● Exercise instructions
Each line below needs to be returned exactly. Skip any picture.

[Recorded data]

____________________

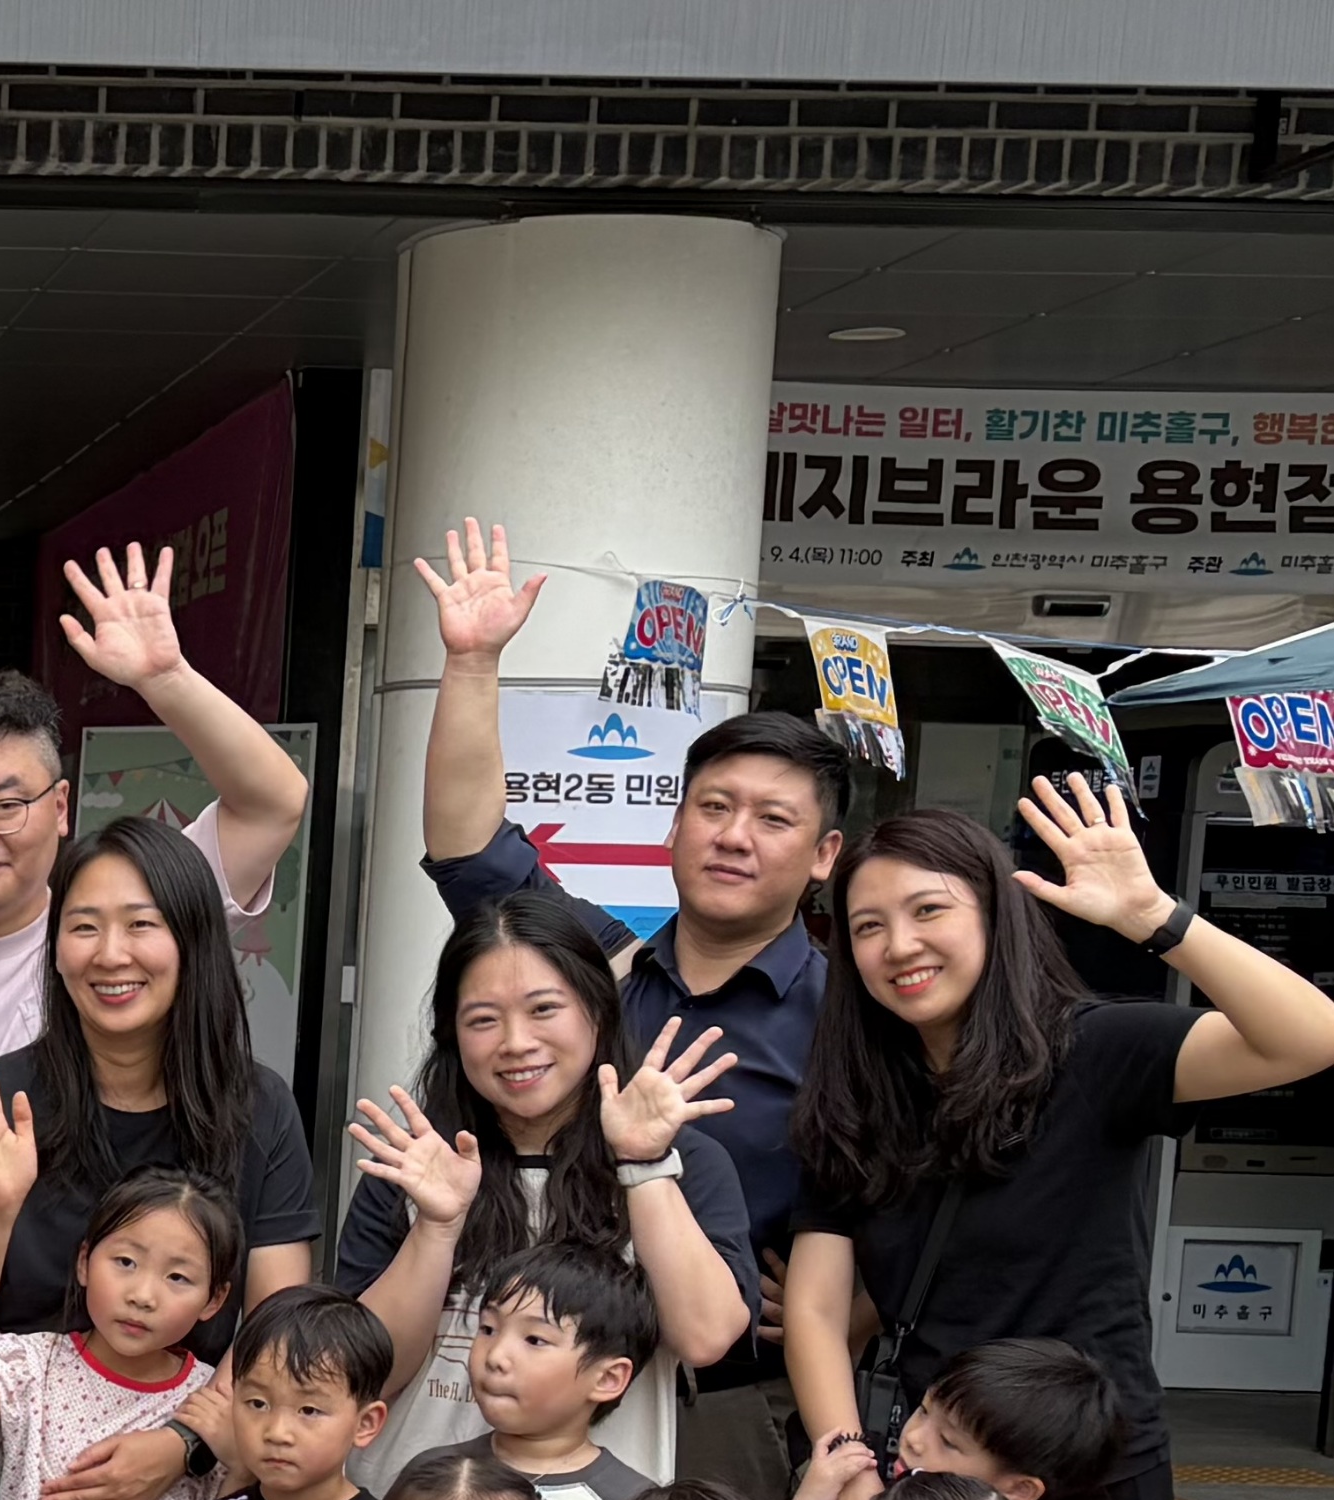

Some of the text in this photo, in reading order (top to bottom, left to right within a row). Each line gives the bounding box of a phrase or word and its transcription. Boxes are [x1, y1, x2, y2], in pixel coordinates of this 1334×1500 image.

[899, 407, 972, 442] 일터,
[985, 408, 1086, 442] 활기찬
[1097, 411, 1239, 446] 미추홀구,
[839, 548, 882, 566] 11:00
[901, 550, 934, 568] 주최
[991, 553, 1084, 571] 인천광역시
[1091, 555, 1168, 575] 미추홀구
[1187, 556, 1222, 574] 주관
[635, 604, 704, 657] OPEN
[821, 654, 888, 709] OPEN
[1024, 682, 1112, 747] OPEN
[505, 772, 683, 806] 용현2동 민원

____________________

● Response
Some of the text in this photo, in reading order (top to bottom, left to right within a row). Each line gives the bounding box of a phrase or word and its transcription. Boxes are [x1, y1, x2, y2], in pixel coordinates of this 1334×1500 image.

[899, 407, 972, 442] 일터,
[985, 408, 1086, 442] 활기찬
[1097, 411, 1239, 446] 미추홀구,
[839, 548, 882, 566] 11:00
[901, 550, 934, 568] 주최
[991, 553, 1084, 571] 인천광역시
[1091, 555, 1168, 575] 미추홀구
[1187, 556, 1222, 574] 주관
[635, 604, 704, 657] OPEN
[821, 654, 888, 709] OPEN
[1024, 682, 1112, 747] OPEN
[505, 772, 683, 806] 용현2동 민원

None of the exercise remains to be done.